One thing that’s always struck me as strange about modern NNs is they tend to be two-dimensional and one-directional, right?
Whereas our brains are three-dimensional and have neural feedback loops. It seems clear to me that those feedback loops are an essential part of “thought”.
Any idea why more architectures don’t have neural loops built into them? Is it because they would cost too much to train? Lack of control?
Good point, and yes, feedback is critical in CNS networks at several levels.
But much of neural network analyses started with neural retina (retina is a fun word that is derived from reticulum = net). And the retina is mainly a feed-forward system or was perceived as such in the 1950s through 1970s.
Even the cortex was and still is crudely modeled using mainly feed-forward connections.
But the more you know about CNS structure and function, the more you see and appreciate feedback. Horizontal cells in retina provide a strong feedback integration/bias signal back to rod photoreceptors. Reciprocal dendro-dendritic synapses are key in many systems. Presynaptic terminals also respond to the same and transmitters that they release and the ion fluxes that they induce.
At the level of connectomes the recursion is deep and hierarchical—see the lovely work by David van Essen and colleagues on the laughably complex connections among the dozens of cortical regions that respond to visual input from thalamus and midbrain (by the way—true, this is even in mouse).
The ultimate feedback is of course generated by our own behavior——whether a blink, a saccade, or our own movements.
Plunk an LLM in a Roomba but add with more input modes and more recursive self-prompting. That is a non-threatening start at what could also become SkyNet.
Our brains are highly concurrent/distributed systems where each neuron exists & acts independently of any specific task you give the network. Inputs (both from external sources/senses as well as other neurons) might come in at different times, and neurons continuously compute their excitation levels (and then, with a bit of delay, might or might not go on to excite their neighbors). Put differently, there is no such thing as an inference "run", where you provide an input to the NN, follow its topology and do all your matrix computations, and then get an output. It's a highly cyclic machine that continuously reads inputs and continuously produces outputs. Heck, it seems that parts of the brain are active even when there's very little input and no visible output (like when you're dreaming). The feedback loops you mentioned certainly play a huge role here – excitations can take on a life of their own.
> Is it because they would cost too much to train?
I think it's both: Even a single run of, say, ChatGPT is already quite expensive in terms of compute and now you want to keep the network "alive" at all times – that would surely cost orders of magnitudes more. But on top of that, by introducing a time axis and continuously feeding inputs to the network and reading its outputs, you also lost that clear input—output relationship that training data exhibits these days. While it's certainly possible to introduce a time dimension to training data, too, that seems like a whole different ballgame to me.
I was just thinking lately that brains rewire themselves all the time. That's how they learn. Neural networks, though, never do. There's a separate training stage that (from my understanding) runs the thing in reverse and modifies the weights to move the output closer to what is desired. After that, the weights are never updated.
Also, yes, information always flows through a neural network in one direction, from inputs to outputs, then leaves it. Whether the inference result was correct or wrong, it doesn't have any effect on the weights.
So I'm thinking that there is a need for some new kind of neural network architecture that can 1) update its own weights all the time, not just when training, and 2) propagate information in reverse direction from outputs to inputs, or have "backwards" connections between layers. Maybe have a set of outputs that tell the system whether and how the NN wants its own weights updated?

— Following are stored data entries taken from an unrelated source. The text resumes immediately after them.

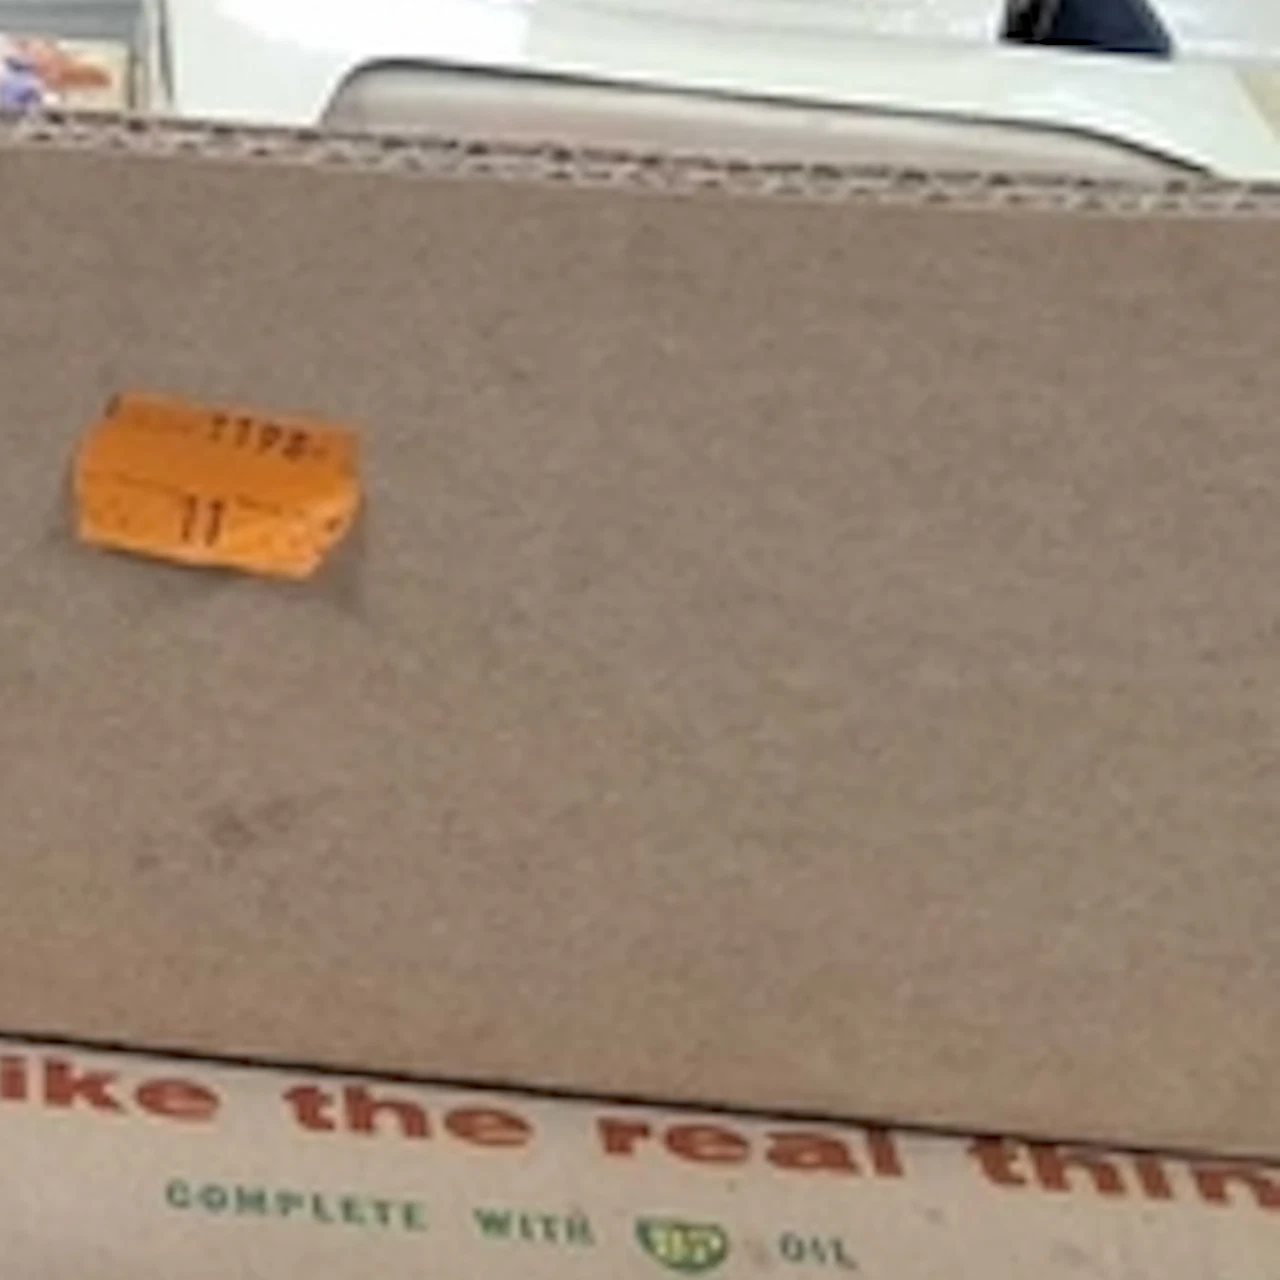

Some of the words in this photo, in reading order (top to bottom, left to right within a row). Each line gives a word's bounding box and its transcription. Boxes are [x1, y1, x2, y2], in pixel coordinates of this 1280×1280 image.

[282, 1084, 534, 1147] the
[597, 1115, 906, 1178] real
[164, 1179, 429, 1232] COMPLETE
[472, 1206, 595, 1247] WITH
[778, 1231, 859, 1272] OIL
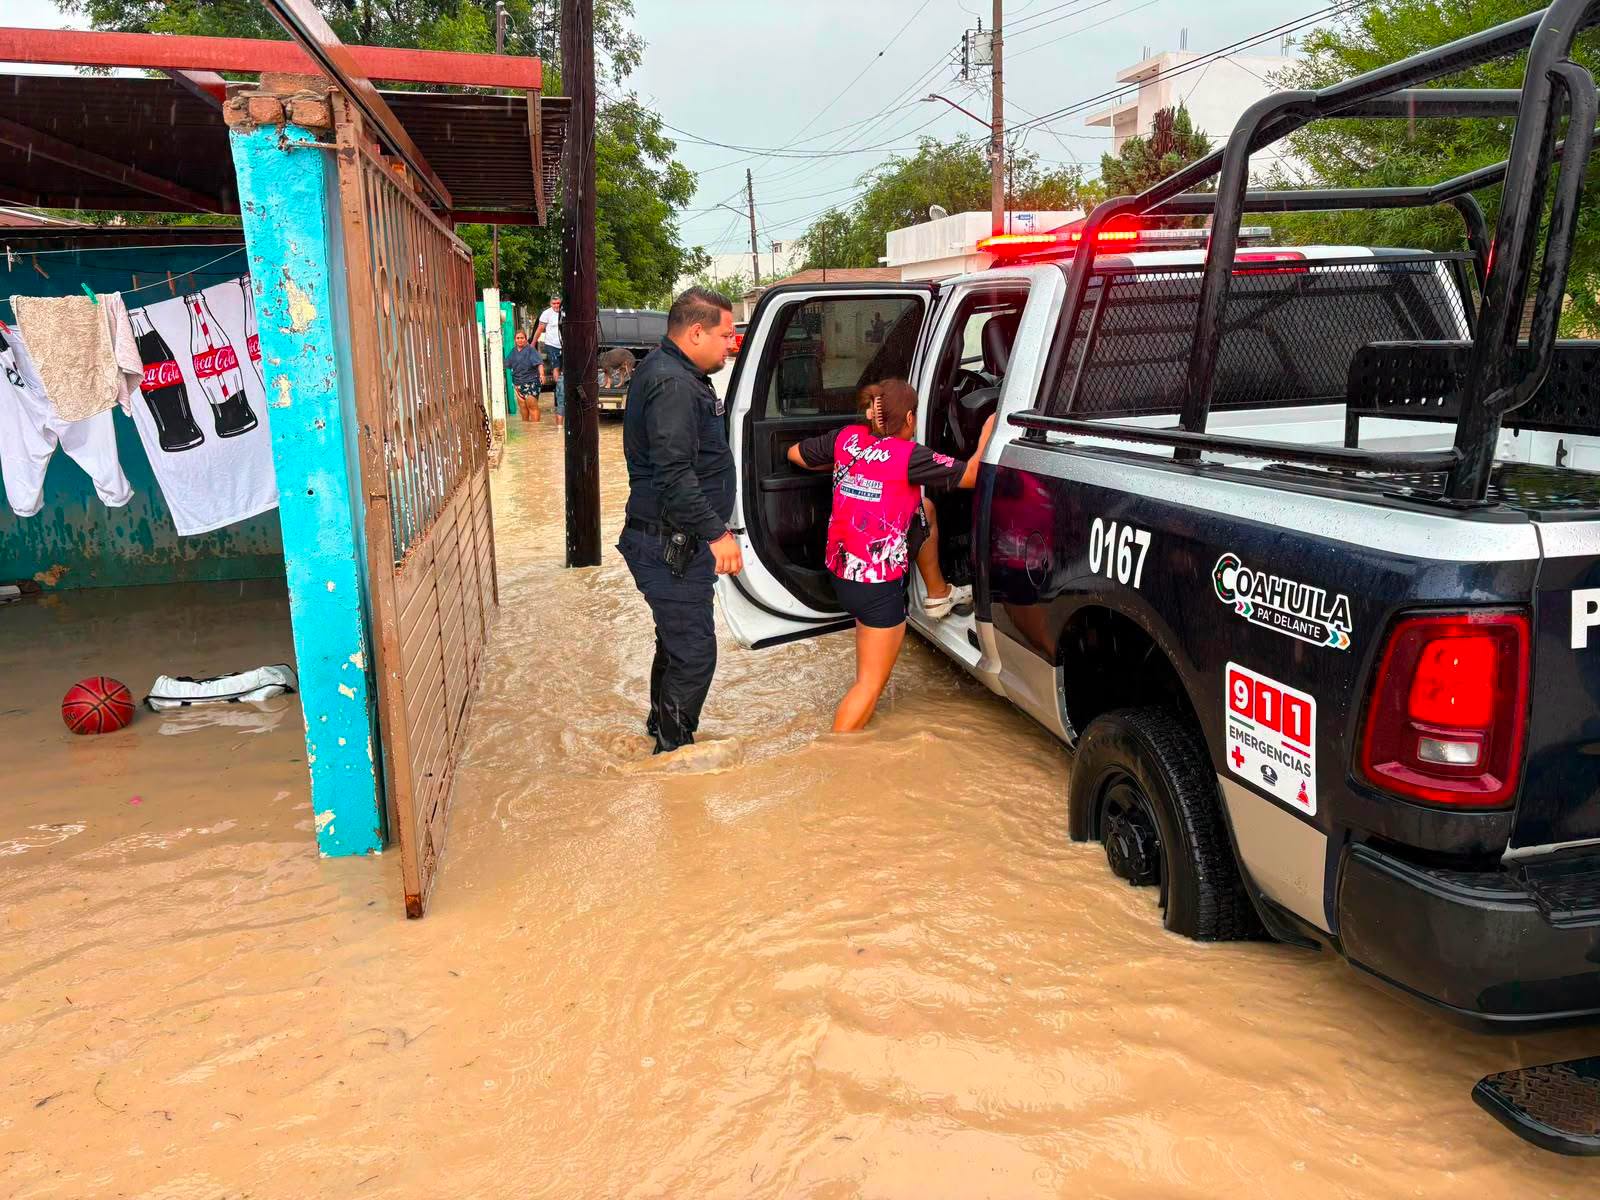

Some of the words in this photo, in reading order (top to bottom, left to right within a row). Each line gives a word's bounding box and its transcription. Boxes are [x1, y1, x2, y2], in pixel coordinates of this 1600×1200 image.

[143, 361, 180, 385] ca-Cola
[1089, 517, 1151, 589] 0167
[1213, 552, 1352, 632] COAHUILA
[1274, 613, 1321, 638] DELANTE
[1233, 679, 1302, 737] 911
[1229, 724, 1311, 778] EMERGENCIAS

You automatically get exponential, recursive and hyperbolic behavior when your predictions are recycled. On paper there is very little middle ground between rote repetition and a spiritual peak experience. This is probably why consciousness emerges.
The dimensionality isn't 2 or 3 dimensional. Value systems may have such dual or triune symmetry. The dimensionality is IIRC said to be nominally 1000. I would wager the average is the same as the number of muscles in the human body.

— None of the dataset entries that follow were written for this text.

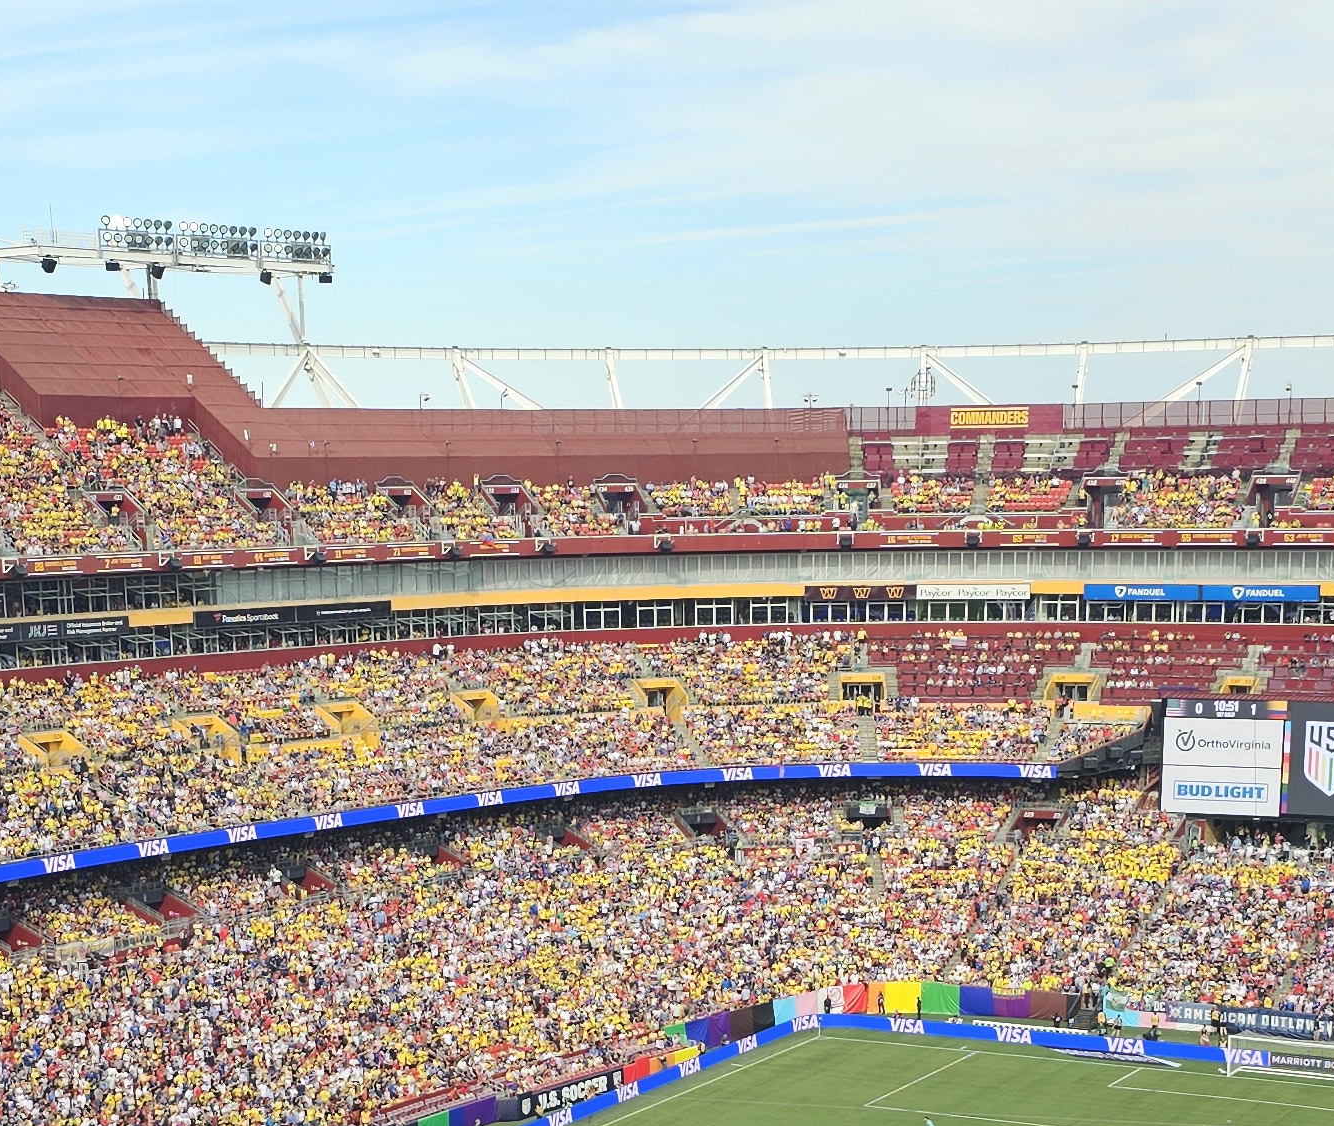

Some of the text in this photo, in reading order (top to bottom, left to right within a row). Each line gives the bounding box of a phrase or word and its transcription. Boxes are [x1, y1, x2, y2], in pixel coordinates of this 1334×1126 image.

[950, 411, 1029, 425] COMMANDERS
[920, 587, 1028, 598] Paycor Paycor Paycor
[1127, 587, 1165, 597] FANDUEL
[1245, 588, 1284, 598] FANDUEL
[1195, 700, 1256, 716] 0 10:51 1
[1198, 739, 1271, 750] OrthoVirginia
[722, 766, 753, 781] VISA
[817, 763, 851, 778] VISA
[916, 762, 952, 777] VISA
[1018, 764, 1053, 779] VISA
[632, 772, 662, 788] VISA
[552, 781, 581, 797] VISA
[1177, 784, 1265, 799] BUD LIGHT
[476, 790, 504, 807] VISA
[395, 801, 425, 818] VISA
[312, 812, 343, 830] VISA
[225, 823, 257, 843] VISA
[135, 837, 170, 857] VISA
[41, 853, 76, 873] VISA
[792, 1015, 817, 1032] VISA
[890, 1017, 925, 1034] VISA
[737, 1034, 758, 1054] VISA
[996, 1027, 1032, 1044] VISA
[1105, 1037, 1144, 1054] VISA
[1223, 1048, 1264, 1066] VISA
[1271, 1055, 1322, 1070] MARRIOTT
[680, 1056, 702, 1079] VISA
[537, 1090, 561, 1112] U.S.
[615, 1081, 639, 1104] VISA
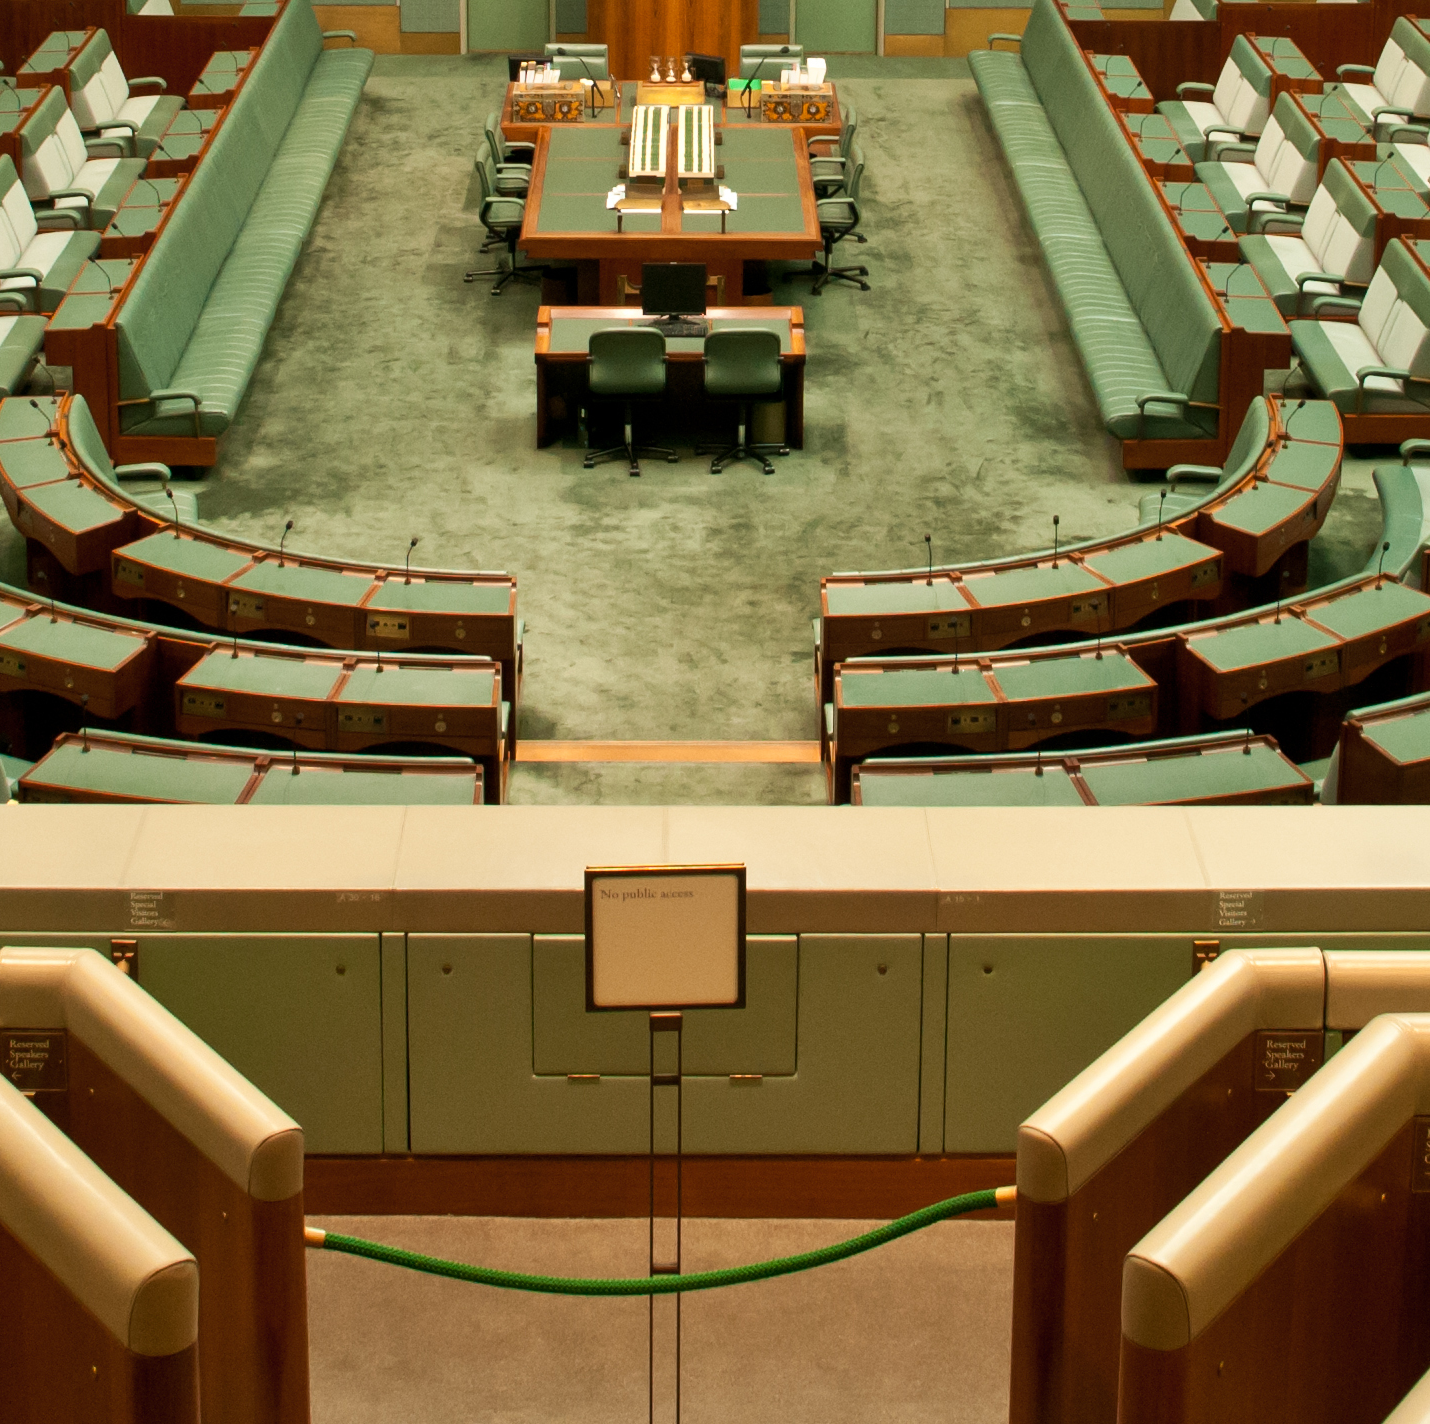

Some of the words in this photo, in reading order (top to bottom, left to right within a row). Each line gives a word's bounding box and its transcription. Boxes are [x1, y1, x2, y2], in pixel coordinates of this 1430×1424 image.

More than that, our brains have multiple input and output devices that simultaneously interact with the brain. Proprioception, sight, hearing, touch inputs. Movement, cognition, hormone regulation as outputs. There's a biological basis for why walking stimulates thought, the same networks are involved.
It's not the same thing as training the same NxM deep neural network on multiple modalities and then sending one signal or the other into the input end.
I feel this is mostly a good display of the confusion around what the heck is even doing what at this point. You can count me in this camp. And I am terribly interested to know.
Whereas our brains are three-dimensional and have neural feedback loops. It seems clear to me that those feedback loops are an essential part of “thought”.
Any idea why more architectures don’t have neural loops built into them? Is it because they would cost too much to train? Lack of control?